It’s that glorious time yet again dear readers, it’s Friday afternoon! The clocks are ticking their way towards another gilded weekend of desperately hanging onto the final straggling threads of the summertime, even as the nights draw closer, and drizzle rules all. Luckily enough, a load of our favourite musicians have been busy writing new songs to soundtrack the struggle.
This week alone, Sad13’s busting bullshit once more, Yak are making a glorious racket, and The Flaming Lips have penned a blimmin’ banger about talking mushrooms. That’s just for starters too.
For our verdicts on all of this week’s biggest and most exciting tracks, all you need to do is scroll down. And if you’re itching to check out everything else out this week, step this way for DIY’s Listening Hub, and our Essential Playlist.
Yak - Semi-Automatic
Yak don’t have a pause button or a restrained bone in their bodies. Debut album ‘Alas Salvation’ remains one of the year’s no-limits standouts, and they’re squeezing in one more double a-side single before the year’s out. Don’t rule out a Christmas single, either.
‘Semi-Automatic’ possesses the same unhinged spirit and organ-drenched noise as their debut’s best moments. Frontman Oli Burslem’s non-sensical chants are front and centre, too. The production is richer and more tightly-wound, perhaps, but beyond anything this is another lap on Yak’s victory march. They’re steamrollering forwards at an insane rate, and chances are they’ll remain a mainstay in 2017. Nothing can stop their ascent. (Jamie Milton)
Sad13 - Devil In U
Sadie Dupuis’ debut solo album ‘Slugger’ is quickly establishing itself as a record that packs plenty of life-affirming punches. The first taste came in the shape of the consent-celebrating ’Get A Yes,’ and then there was ‘<2’ (complete with a parody beauty workshop video). Sad13’s latest, ‘Devil in U’ meanwhile is a call to arms, urging people to bag up all the poisonous people in their lives, and lob them out with the trash.
Over a strange synth-burbling waltz, Sad13 sings about keeping her puppy groomed, and reading books all the way through to please somebody who seems like a fairly unsavoury character - “cos that’s what an angel would do”. Witchy scenes and wax filled cauldrons fill each verse, and ‘Devil in U’ has evidently been sipping some fairly potent grog from a nearby magic goblet.
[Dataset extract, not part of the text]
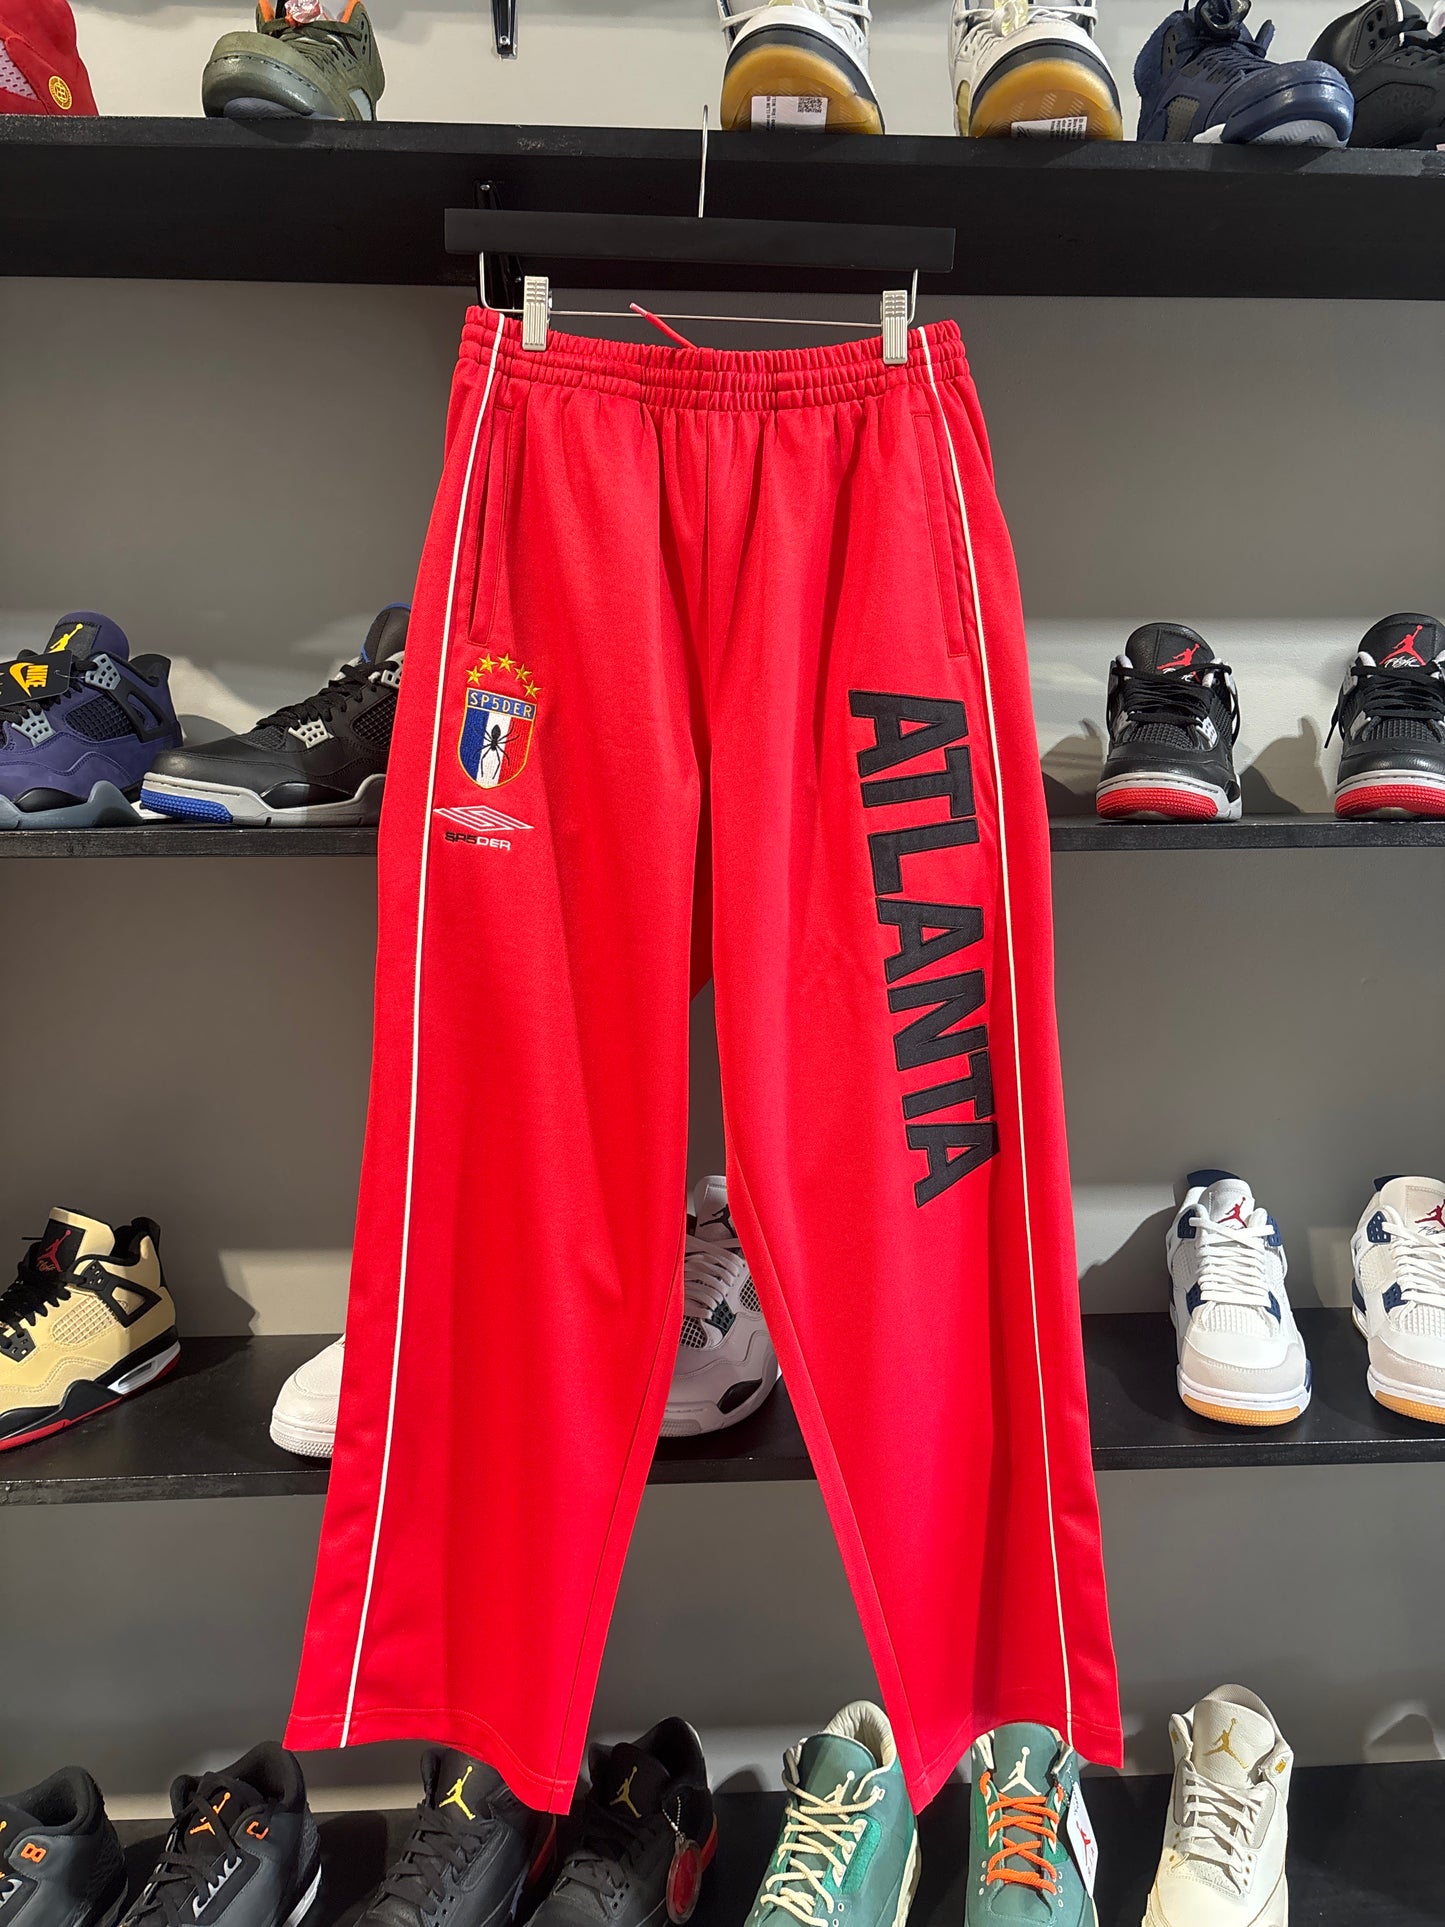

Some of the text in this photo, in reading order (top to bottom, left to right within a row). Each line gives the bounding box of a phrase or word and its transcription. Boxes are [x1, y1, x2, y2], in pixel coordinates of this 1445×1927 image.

Stuck and frozen in the grip of a draining influence - as if under a spell - Sad13’s scenes might be mystical, but she’s singing about real, negative relationships; the dangerous ones where you try to change for fear of upsetting the boat.
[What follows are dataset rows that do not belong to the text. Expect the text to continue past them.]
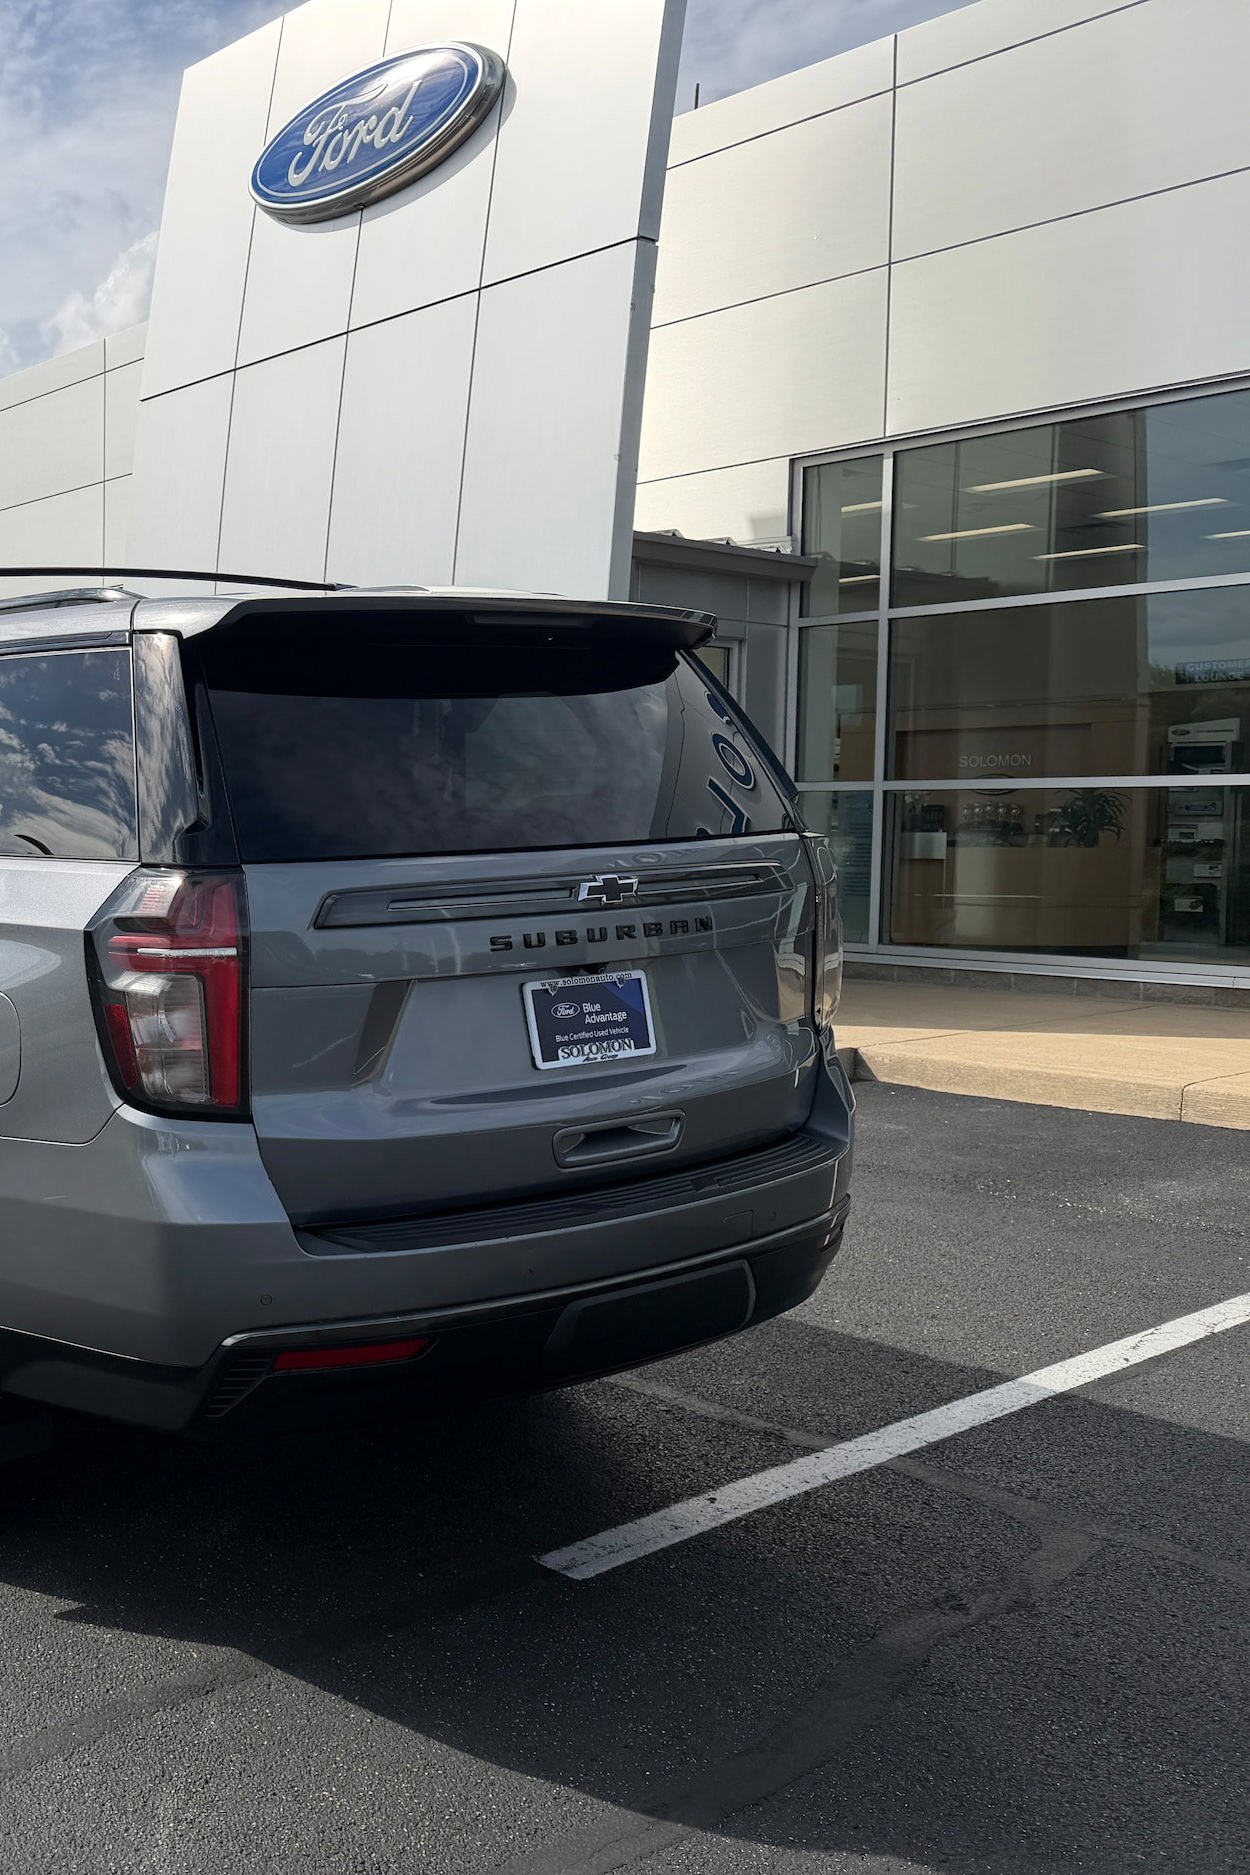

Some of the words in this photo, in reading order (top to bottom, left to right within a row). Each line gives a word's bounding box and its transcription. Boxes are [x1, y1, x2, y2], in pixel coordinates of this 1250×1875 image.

[288, 80, 423, 187] Ford
[1194, 671, 1245, 682] LOUNGE
[959, 754, 1032, 768] SOLOMON
[489, 916, 713, 952] SUBURBAN
[540, 972, 632, 988] www.solomonauto.com
[556, 1004, 574, 1016] Ford
[582, 1002, 601, 1013] Blue
[584, 1010, 628, 1024] Advantage
[555, 1034, 569, 1042] Blue
[570, 1030, 593, 1041] Certified
[594, 1028, 609, 1038] Used
[609, 1026, 630, 1035] Vehicle
[561, 1038, 633, 1059] SOLOMON
“Mercury reversing when you don’t approve,” Sadie sings, and for anyone who’s not as up on their astronomy as the horoscope-loving Speedy Ortiz vocalist, when Mercury is in retrograde, everything involving rational communication basically goes to shit. Bringing back the dialogue into clear focus once again is something ‘Slugger’ seems to do very well, and the moral of this story is simple. You don’t need bad people. You’re far, far better than that. (El Hunt)
The Flaming Lips - The Castle
After several years of galavanting around clutching dolls, producing vinyl injected with blood, and performing from giant space station structures, it’s interesting to hear The Flaming Lips ringleader Wayne Coyne reverting to something that feels a little more anchored. Harking vaguely back towards ‘Yoshimi Battles the Pink Robots’ with its gentle, ebbing feel, and tangible song-structure ‘The Castle’ isn’t completely unleashed into the winds of unbounded experimentalism; unlike other Flaming Lips cuts.
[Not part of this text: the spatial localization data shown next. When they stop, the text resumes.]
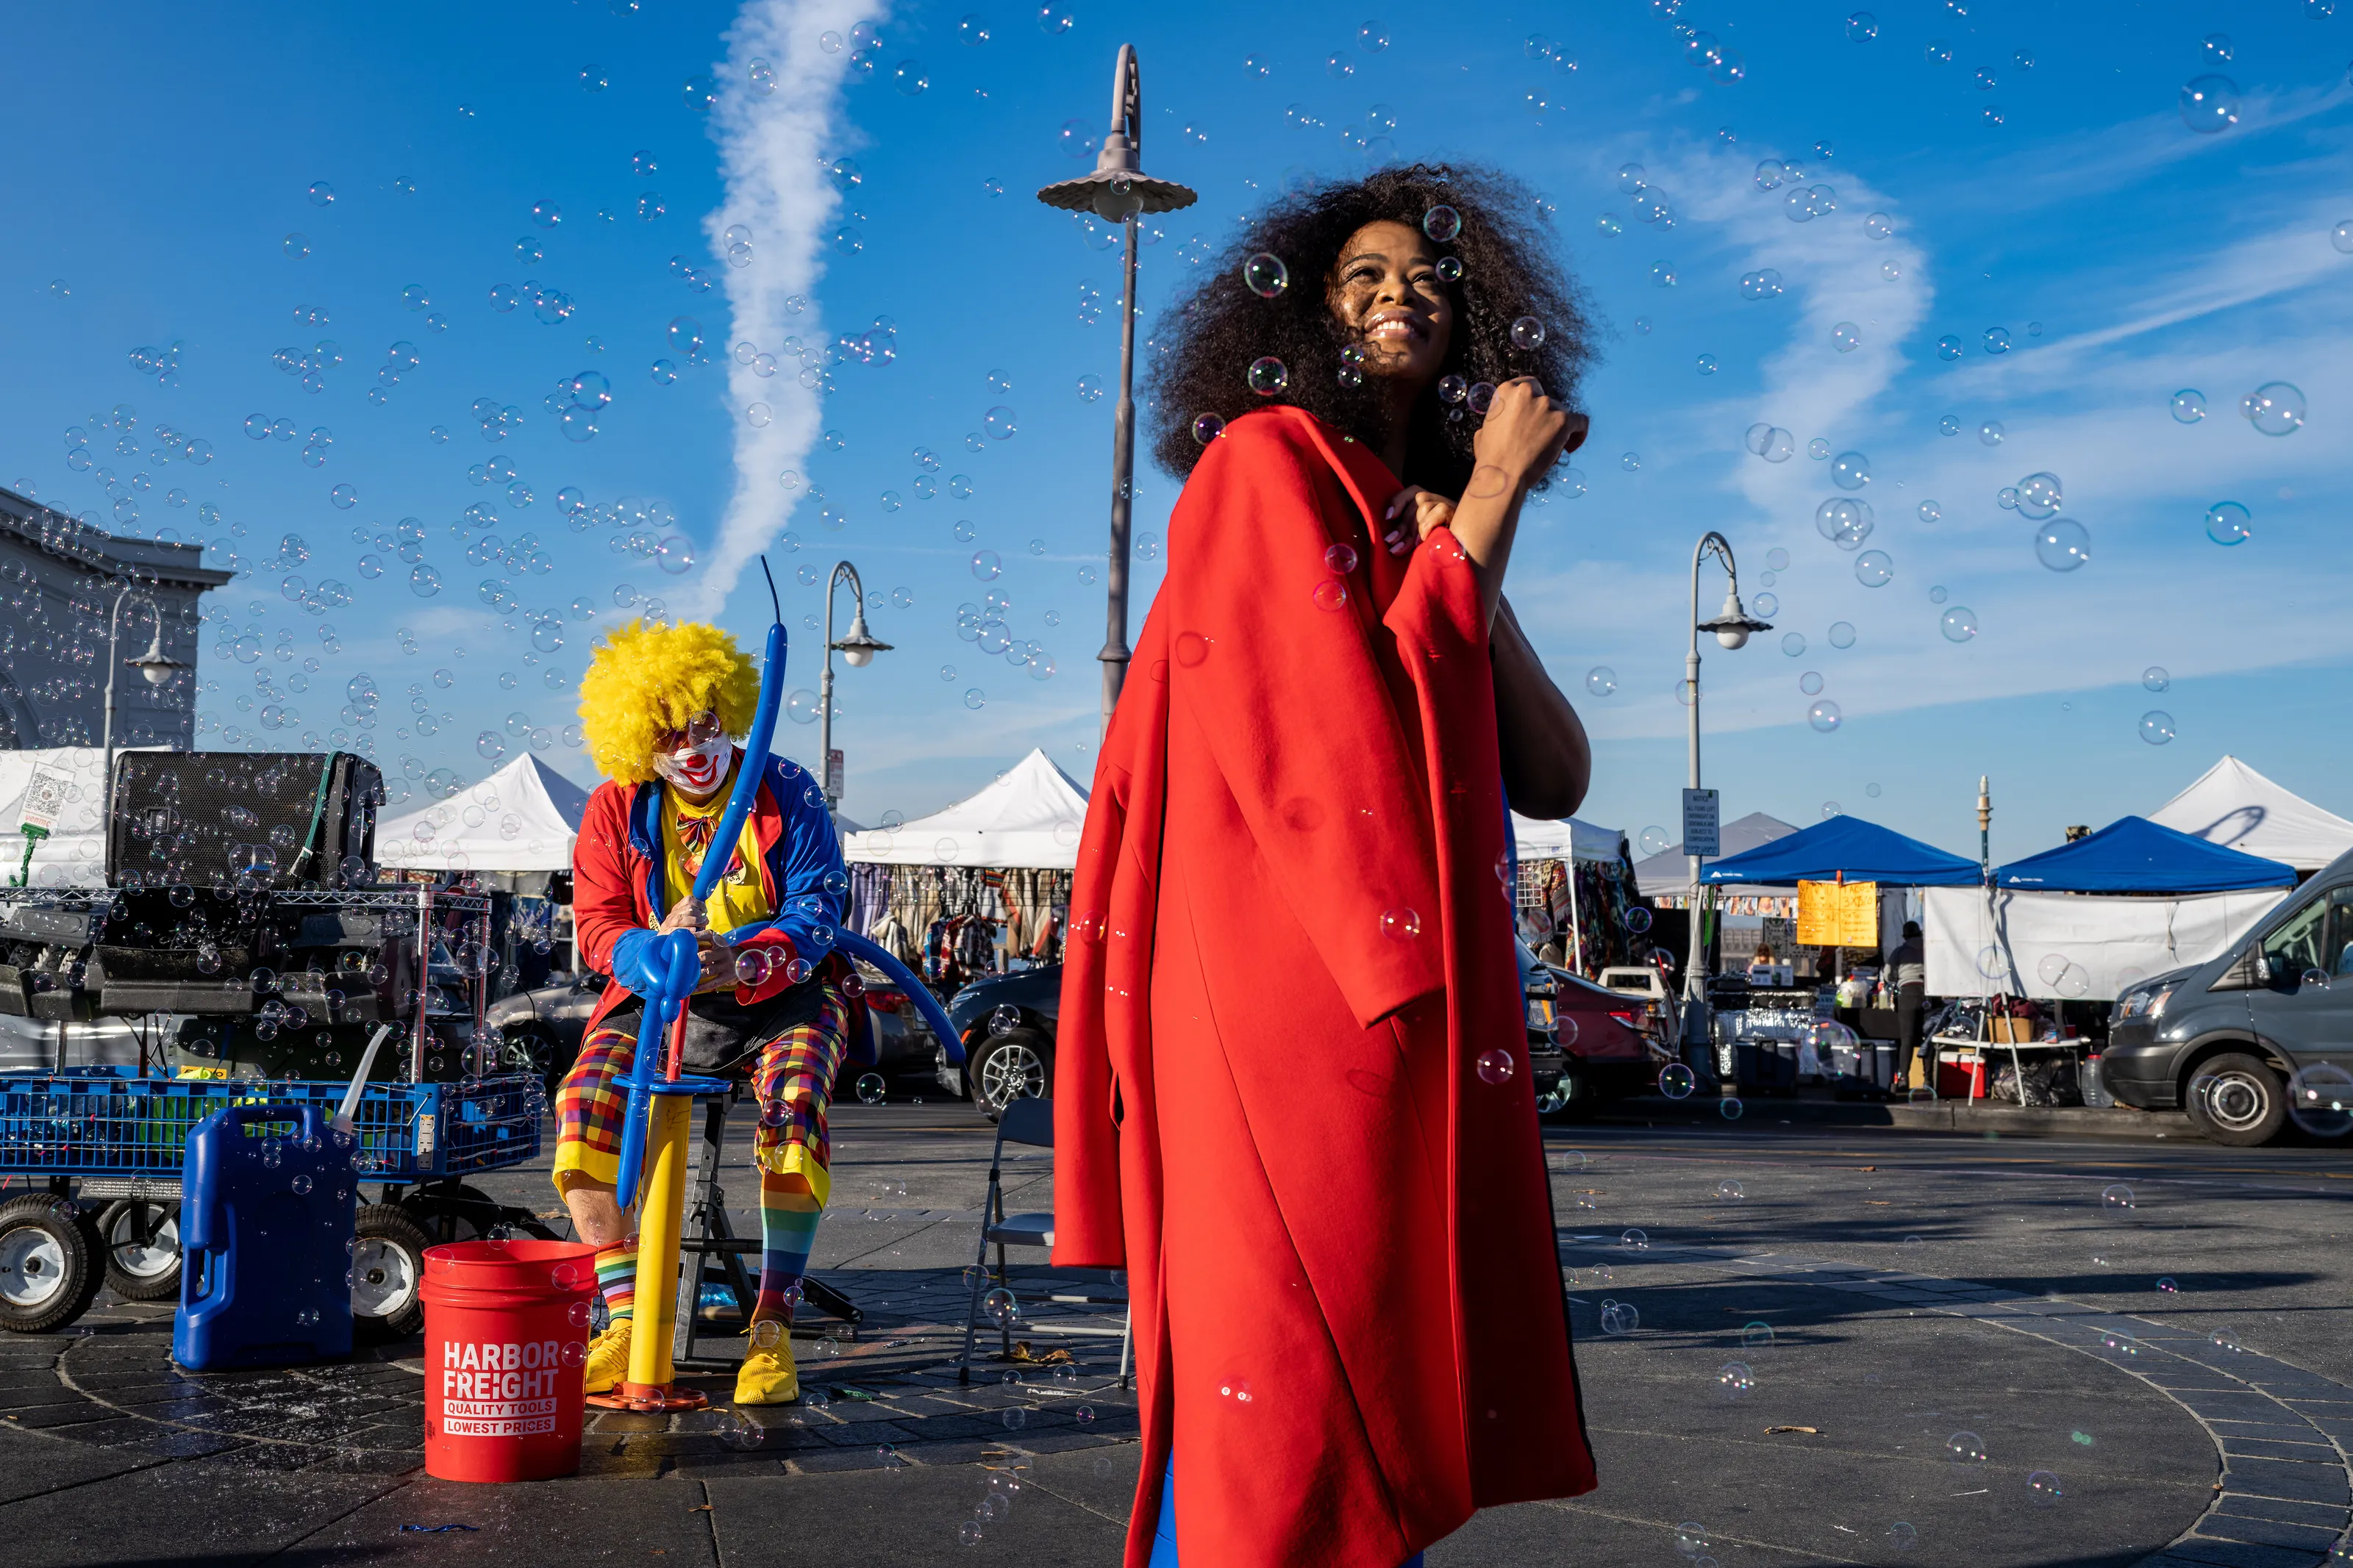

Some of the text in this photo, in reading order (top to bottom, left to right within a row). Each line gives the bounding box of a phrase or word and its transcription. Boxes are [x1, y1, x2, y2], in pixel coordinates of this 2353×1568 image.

[444, 1341, 559, 1370] HARBOR
[443, 1369, 559, 1400] FREIGHT
[448, 1400, 552, 1415] QUALITY TOOLS
[448, 1420, 499, 1433] LOWEST
[504, 1419, 551, 1433] PRICES
Mind you - being a Flaming Lips song, after all - ‘The Castle’ is still pretty out there. In his usual high-drifting lullaby, Wayne Coyne somehow starts out singing about a woman, and ends up singing surreal stories of dragon-riding characters lost in a world of poison apples, and talking mushrooms (presumably they don’t have CityMapper there) instead. Blimey. (El Hunt)
Glass Gang - Luxury
It’s impossible to predict Glass Gang’s next move. When starting out, the Brooklyn trio made mystery-laced pop. Now they put identity and character first. And on recent single ‘Wild Light’, they bathed in delicate production and lightly-plucked, reverberated guitar notes. Whereas on ‘Luxury’, they opt for the complete opposite. It opens with a cascading blast of Crystal Castles-like noise and never looks back.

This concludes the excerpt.